# Dataset records

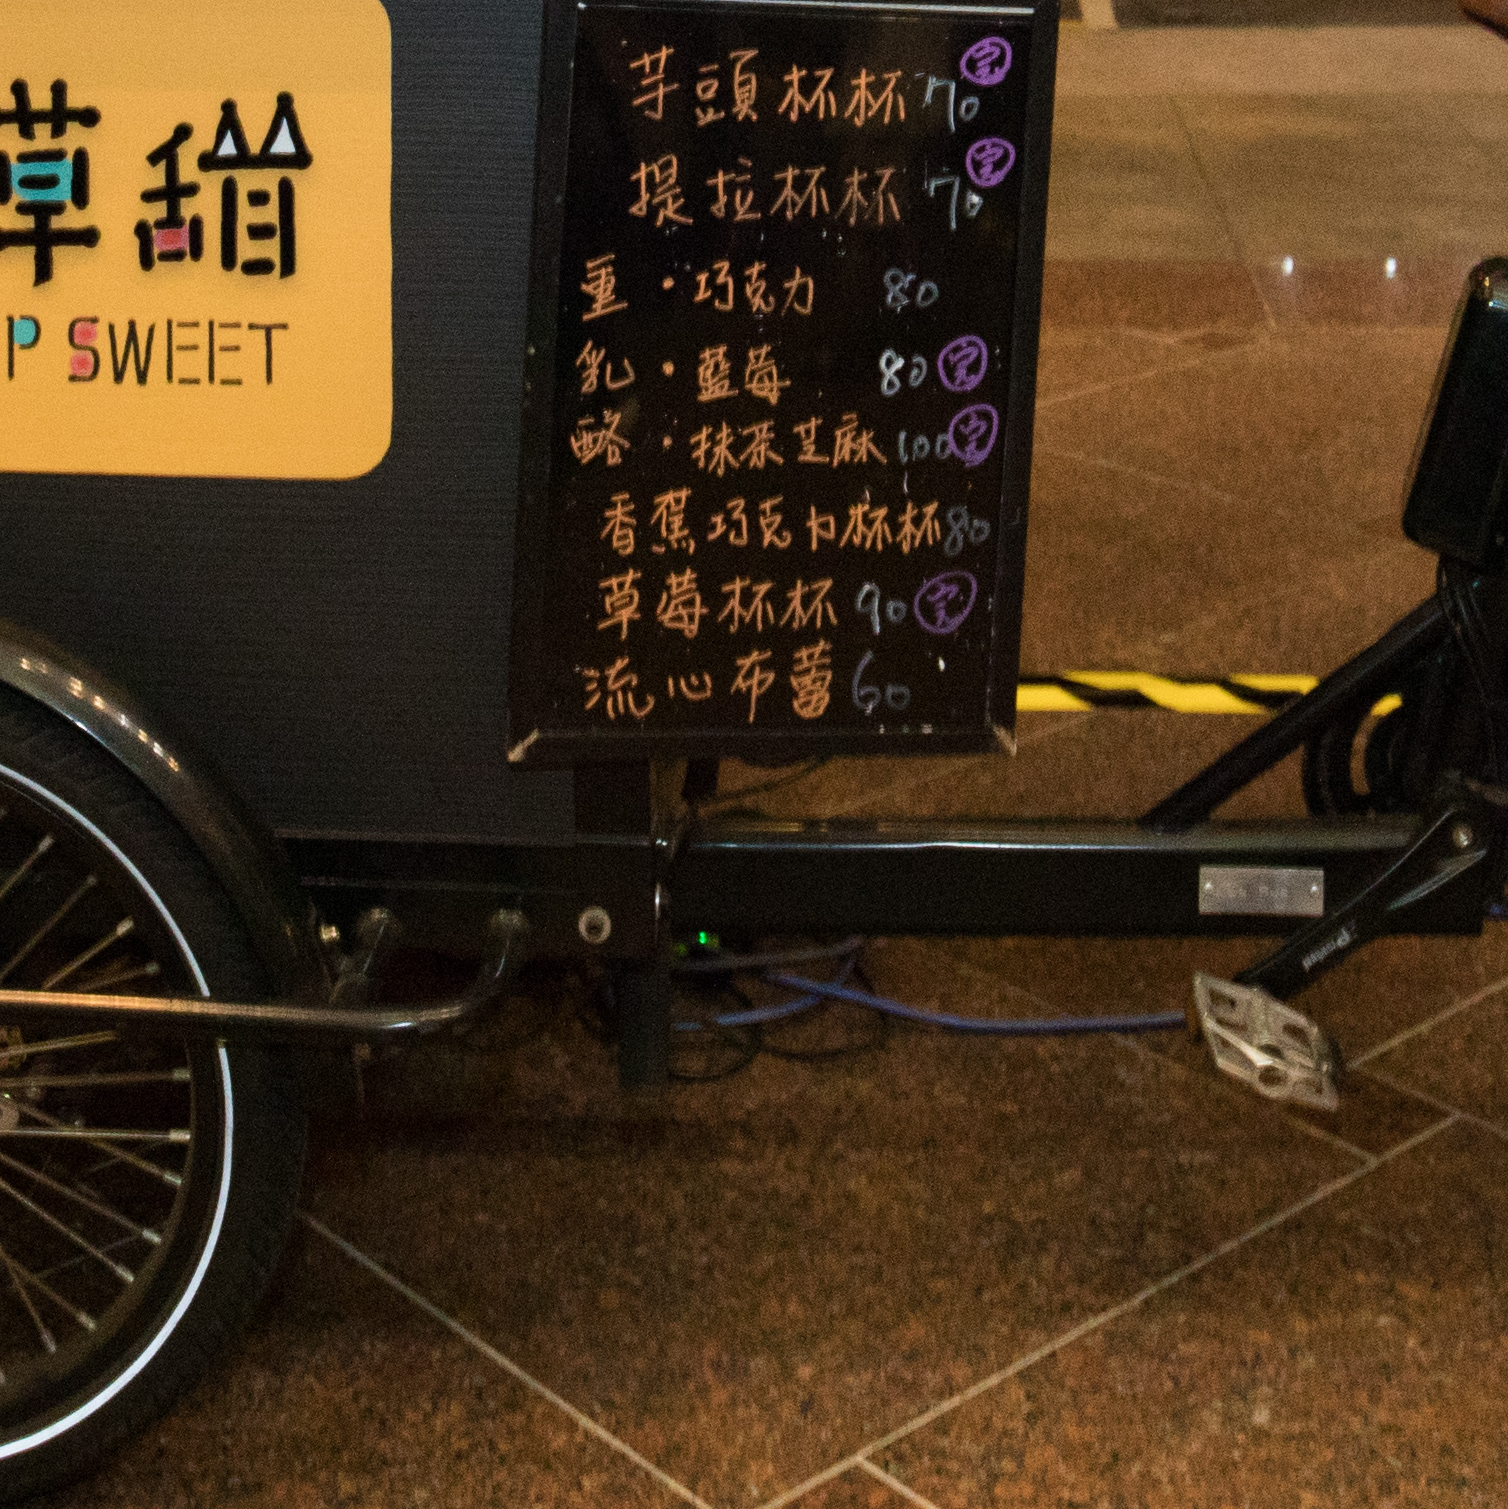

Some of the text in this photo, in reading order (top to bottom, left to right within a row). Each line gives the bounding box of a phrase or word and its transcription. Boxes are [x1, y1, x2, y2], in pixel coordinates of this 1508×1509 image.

[629, 45, 907, 128] 芋頭杯杯
[923, 74, 980, 133] 70
[629, 154, 902, 228] 提拉杯杯
[928, 174, 984, 231] 70
[884, 267, 939, 310] 80
[68, 316, 289, 386] SWEET
[880, 348, 928, 397] 80
[690, 413, 887, 477] 抹茶芝麻
[898, 429, 952, 464] 100
[943, 505, 990, 556] 80
[598, 567, 838, 640] 草莓杯杯
[855, 581, 907, 635] 90
[583, 639, 911, 723] 流心布蕾 60
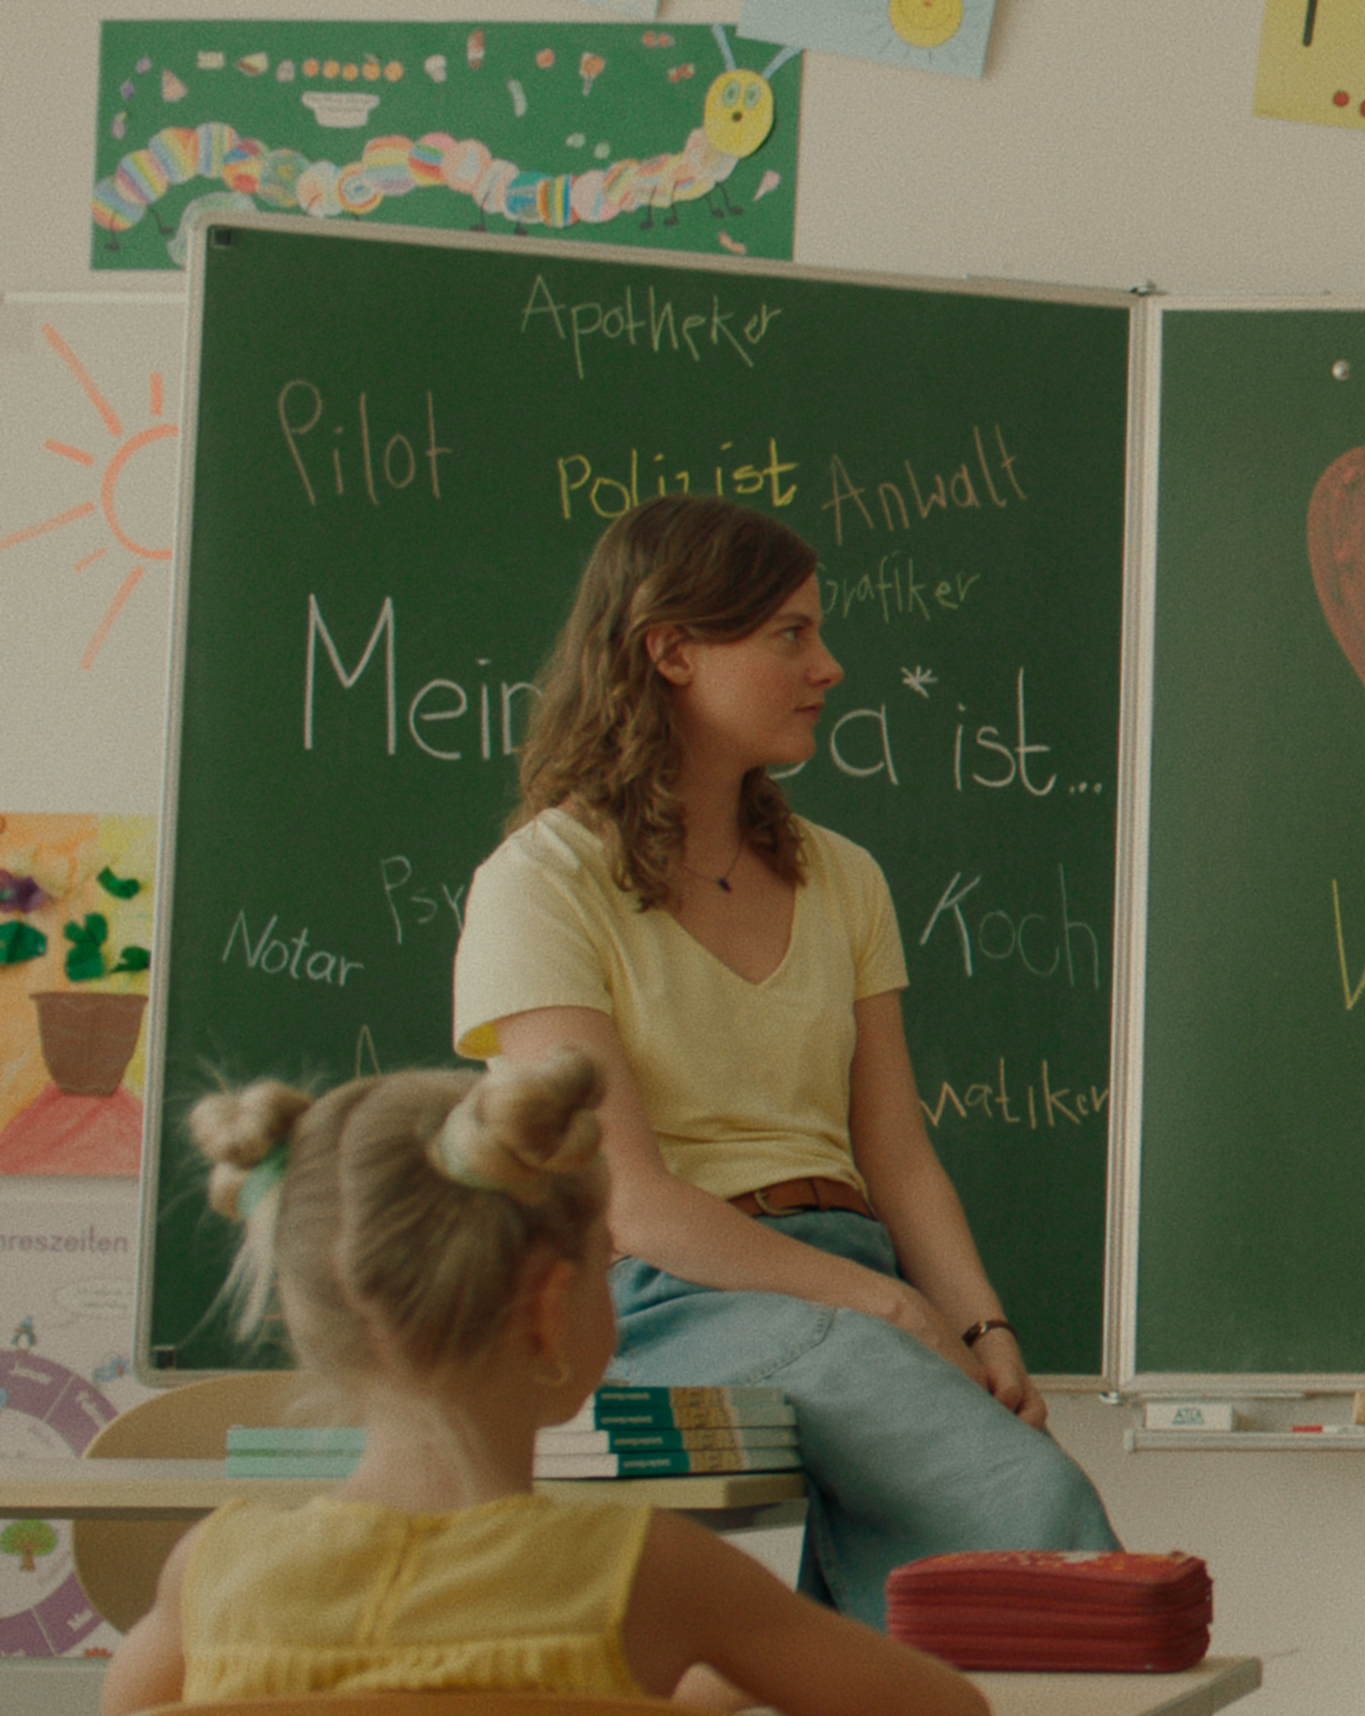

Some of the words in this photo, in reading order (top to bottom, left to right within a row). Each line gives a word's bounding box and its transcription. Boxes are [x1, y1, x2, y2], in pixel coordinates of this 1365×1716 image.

[520, 274, 782, 379] Apotheker
[279, 379, 453, 505] Pilot
[822, 424, 1027, 546] Anwalt
[222, 908, 364, 986] Notar
[920, 862, 1099, 989] Koch
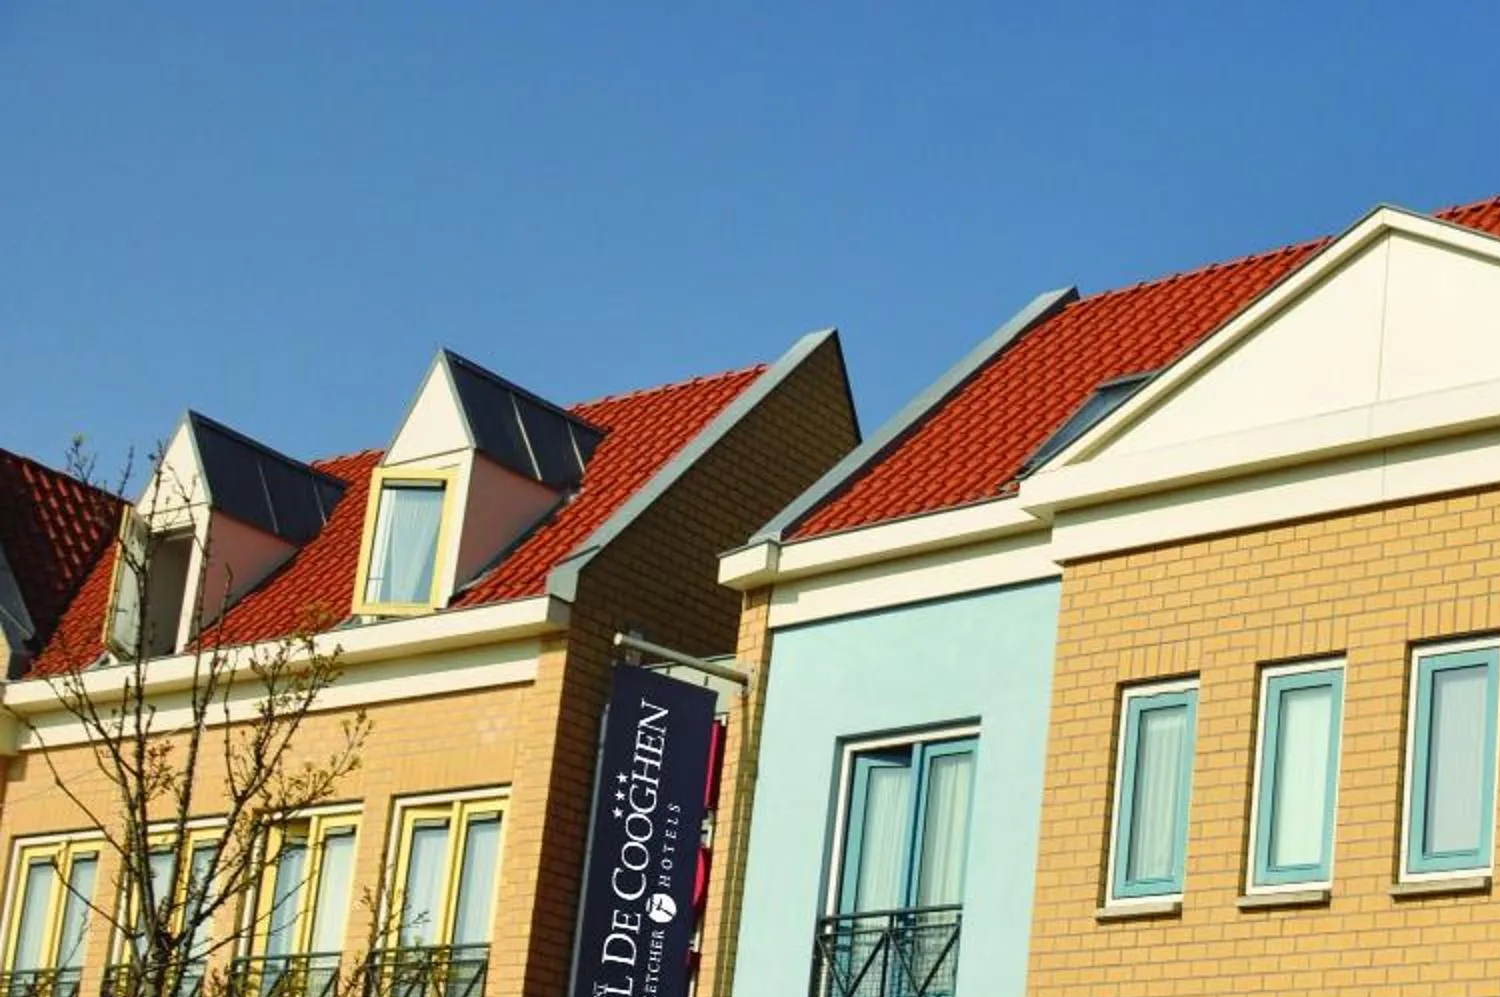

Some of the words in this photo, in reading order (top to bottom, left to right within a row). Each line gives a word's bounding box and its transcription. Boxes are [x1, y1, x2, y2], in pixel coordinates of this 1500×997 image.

[611, 698, 670, 900] COOGHEN
[658, 803, 681, 887] HOTELS
[602, 909, 642, 966] DE
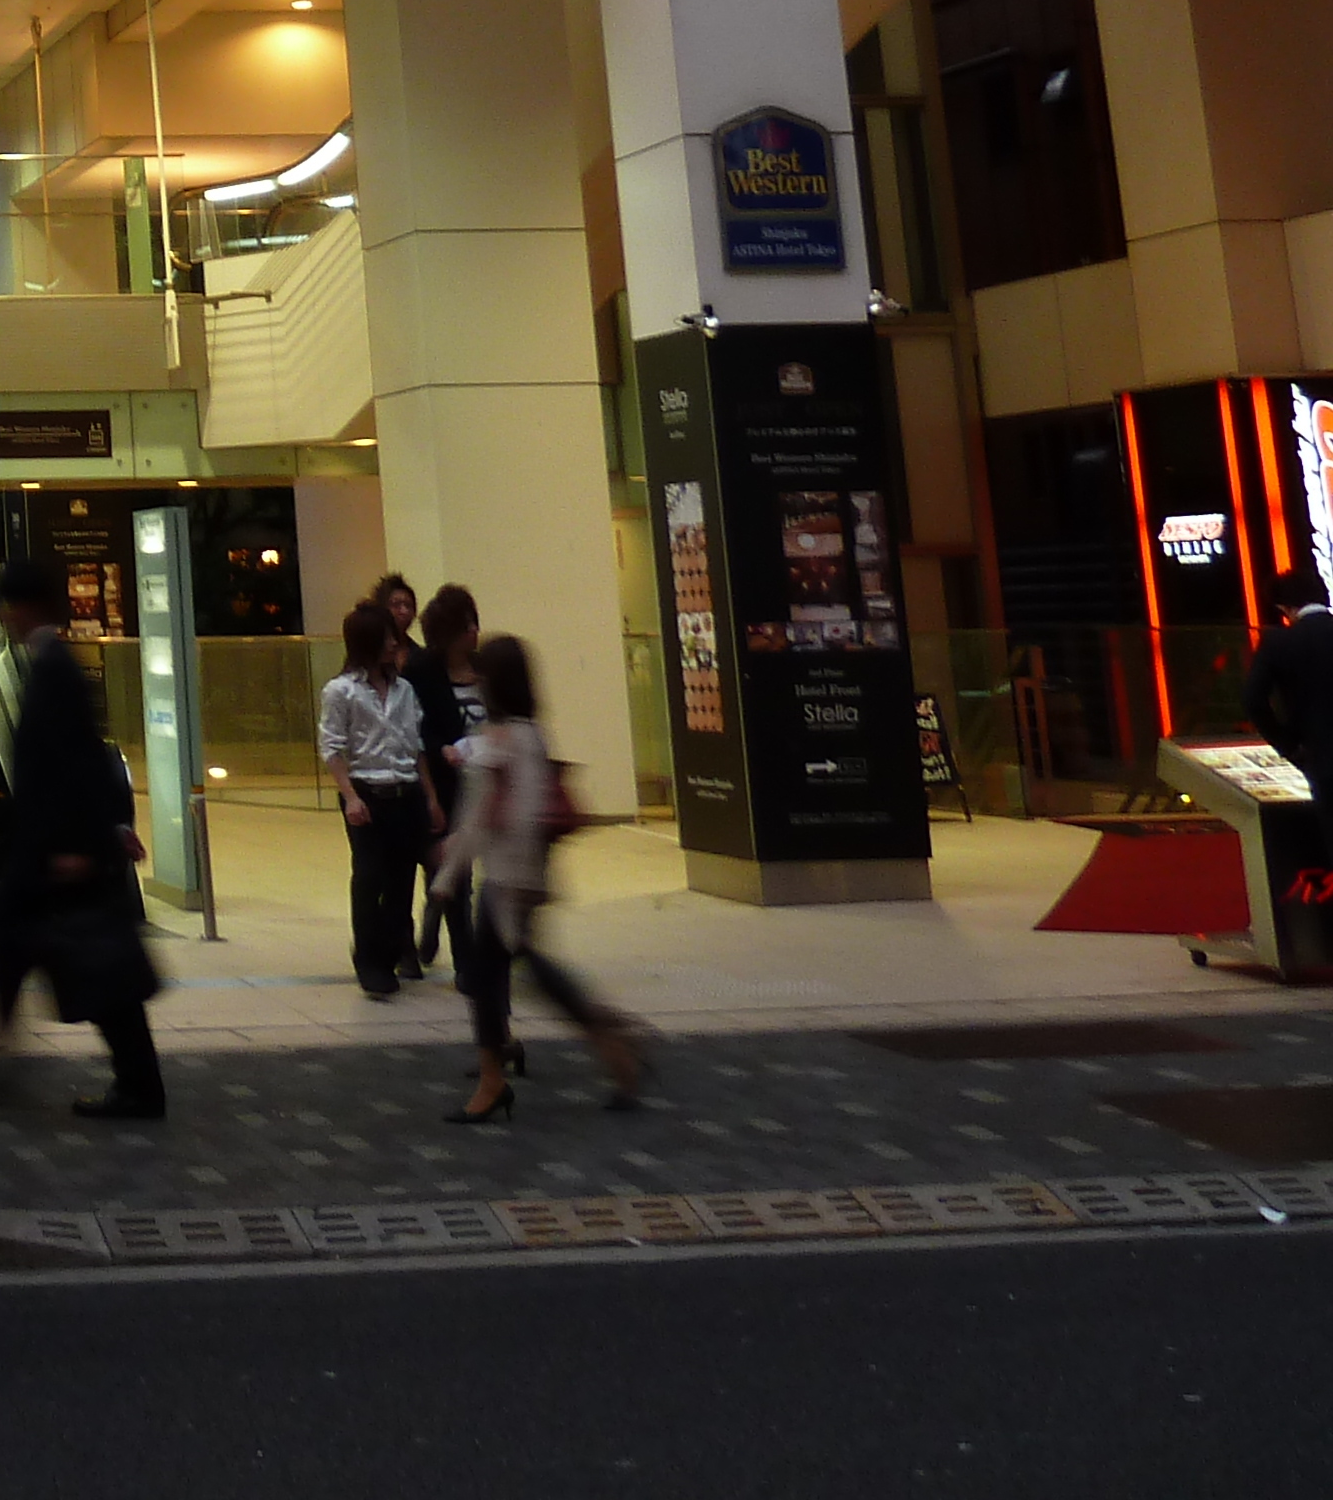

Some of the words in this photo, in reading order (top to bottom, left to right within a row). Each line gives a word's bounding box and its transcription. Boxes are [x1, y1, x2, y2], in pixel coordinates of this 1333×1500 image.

[746, 148, 801, 173] Best
[727, 169, 829, 195] Western
[775, 243, 804, 257] Hotel
[806, 243, 837, 258] Tokyo
[803, 703, 859, 723] Stella

# Problem requirements
The entries above, every one of them, should be retyped exactly, with no pictures carried over.

# Your solution
Some of the text in this photo, in reading order (top to bottom, left to right within a row). Each line gives the bounding box of a phrase or word and its transcription. Boxes are [x1, y1, x2, y2], in pixel coordinates of this 1508×1509 image.

[629, 45, 907, 128] 芋頭杯杯
[923, 74, 980, 133] 70
[629, 154, 902, 228] 提拉杯杯
[928, 174, 984, 231] 70
[884, 267, 939, 310] 80
[68, 316, 289, 386] SWEET
[880, 348, 928, 397] 80
[690, 413, 887, 477] 抹茶芝麻
[898, 429, 952, 464] 100
[943, 505, 990, 556] 80
[598, 567, 838, 640] 草莓杯杯
[855, 581, 907, 635] 90
[583, 639, 911, 723] 流心布蕾 60

Some of the words in this photo, in reading order (top to bottom, left to right within a row). Each line gives a word's bounding box and its transcription. Boxes are [x1, y1, x2, y2], in pixel coordinates of this 1365×1716 image.

[520, 274, 782, 379] Apotheker
[279, 379, 453, 505] Pilot
[822, 424, 1027, 546] Anwalt
[222, 908, 364, 986] Notar
[920, 862, 1099, 989] Koch

Some of the words in this photo, in reading order (top to bottom, left to right within a row). Each line gives a word's bounding box and its transcription. Boxes are [x1, y1, x2, y2], in pixel coordinates of this 1500×997 image.

[611, 698, 670, 900] COOGHEN
[658, 803, 681, 887] HOTELS
[602, 909, 642, 966] DE

Some of the words in this photo, in reading order (top to bottom, left to right within a row). Each line gives a word's bounding box and its transcription. Boxes are [x1, y1, x2, y2], in pixel coordinates of this 1333×1500 image.

[746, 148, 801, 173] Best
[727, 169, 829, 195] Western
[775, 243, 804, 257] Hotel
[806, 243, 837, 258] Tokyo
[803, 703, 859, 723] Stella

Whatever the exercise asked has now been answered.